* [What is needed] Only the records, exactly as written, belong in the answer; pictures do not.

**** Materials provided ****

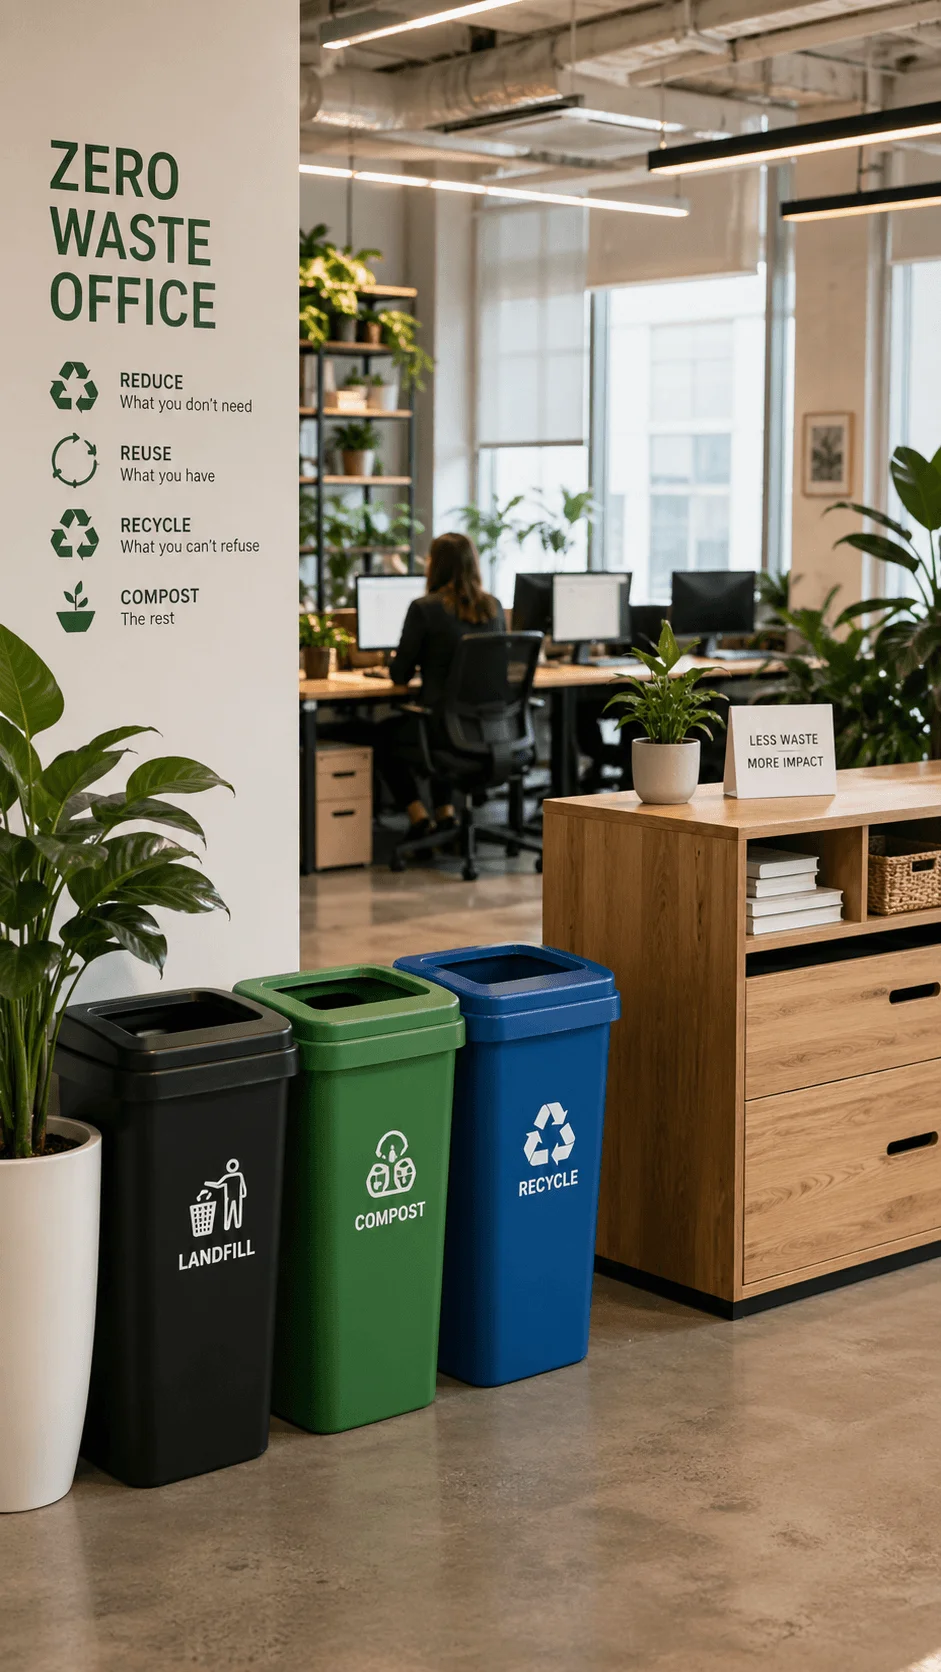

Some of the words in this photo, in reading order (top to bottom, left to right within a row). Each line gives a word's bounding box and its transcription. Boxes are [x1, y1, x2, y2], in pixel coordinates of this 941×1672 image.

[50, 140, 179, 200] ZERO
[50, 206, 211, 266] WASTE
[50, 272, 216, 329] OFFICE
[120, 372, 184, 390] REDUCE
[120, 395, 155, 410] What
[158, 399, 182, 414] you
[186, 397, 218, 412] don't
[221, 399, 253, 413] need
[120, 445, 172, 461] REUSE
[120, 468, 155, 482] What
[158, 471, 182, 485] you
[186, 468, 216, 482] have
[120, 517, 192, 533] RECYCLE
[120, 540, 156, 554] What
[158, 543, 182, 556] you
[186, 539, 217, 553] can't
[220, 538, 260, 552] refuse
[120, 588, 200, 605] COMPOST
[121, 612, 146, 626] The
[150, 612, 175, 625] rest
[749, 734, 777, 746] LESS
[780, 733, 819, 745] WASTE
[747, 757, 779, 769] MORE
[783, 756, 824, 768] IMPACT
[518, 1169, 579, 1197] RECYCLE
[354, 1200, 426, 1231] COMPOST
[178, 1239, 256, 1271] LANDFILL
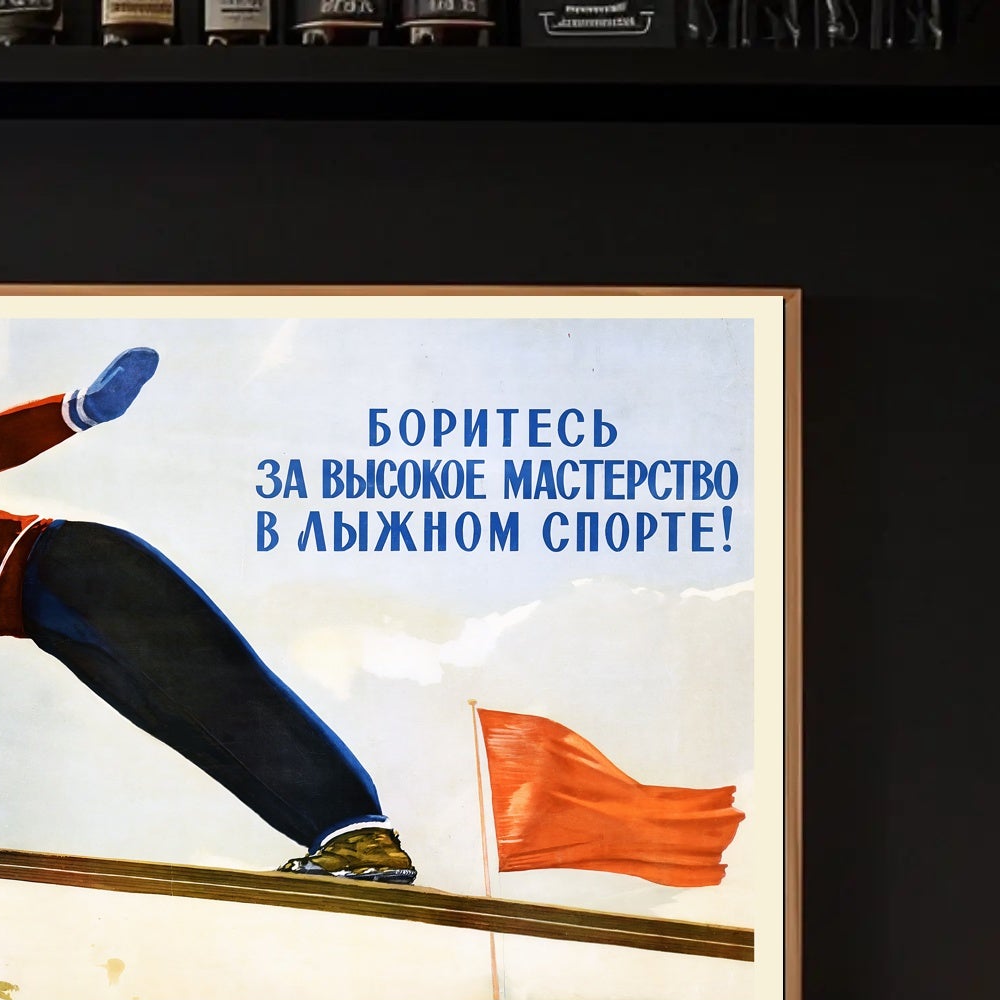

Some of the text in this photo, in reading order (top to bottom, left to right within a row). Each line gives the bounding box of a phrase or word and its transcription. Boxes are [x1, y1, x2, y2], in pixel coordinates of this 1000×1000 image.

[368, 407, 618, 448] БОРИТЕСЬ
[255, 458, 739, 500] ЗА ВЫСОКОЕ МАСТЕРСТВО
[256, 505, 733, 553] В ЛЫЖНОМ СПОРТЕ!
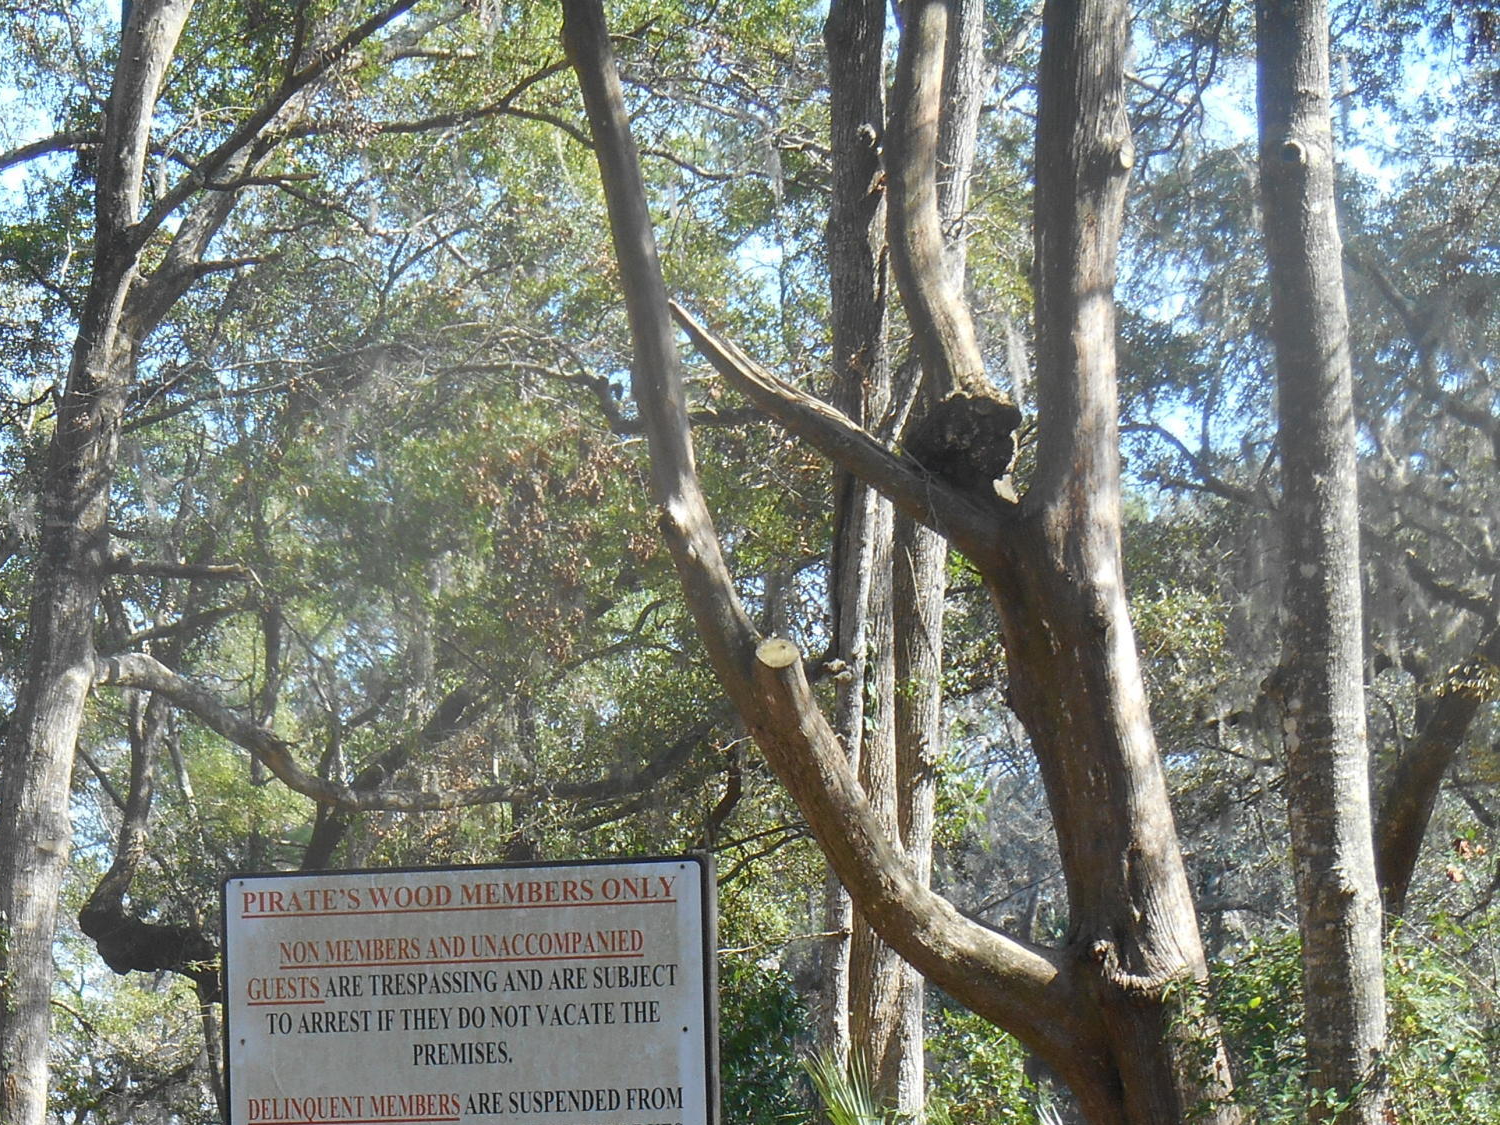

****

* [Problem solution]
Some of the words in this photo, in reading order (top to bottom, left to right within a row). Each line gives a word's bounding box and its transcription. Boxes are [x1, y1, x2, y2], in pixel coordinates of this 941×1672 image.

[50, 140, 179, 200] ZERO
[50, 206, 211, 266] WASTE
[50, 272, 216, 329] OFFICE
[120, 372, 184, 390] REDUCE
[120, 395, 155, 410] What
[158, 399, 182, 414] you
[186, 397, 218, 412] don't
[221, 399, 253, 413] need
[120, 445, 172, 461] REUSE
[120, 468, 155, 482] What
[158, 471, 182, 485] you
[186, 468, 216, 482] have
[120, 517, 192, 533] RECYCLE
[120, 540, 156, 554] What
[158, 543, 182, 556] you
[186, 539, 217, 553] can't
[220, 538, 260, 552] refuse
[120, 588, 200, 605] COMPOST
[121, 612, 146, 626] The
[150, 612, 175, 625] rest
[749, 734, 777, 746] LESS
[780, 733, 819, 745] WASTE
[747, 757, 779, 769] MORE
[783, 756, 824, 768] IMPACT
[518, 1169, 579, 1197] RECYCLE
[354, 1200, 426, 1231] COMPOST
[178, 1239, 256, 1271] LANDFILL

Some of the text in this photo, in reading order (top to bottom, left to right within a row). Each line gives the bounding box of a phrase or word and its transcription. Boxes are [x1, y1, x2, y2], in pixel coordinates of this 1000×1000 image.

[368, 407, 618, 448] БОРИТЕСЬ
[255, 458, 739, 500] ЗА ВЫСОКОЕ МАСТЕРСТВО
[256, 505, 733, 553] В ЛЫЖНОМ СПОРТЕ!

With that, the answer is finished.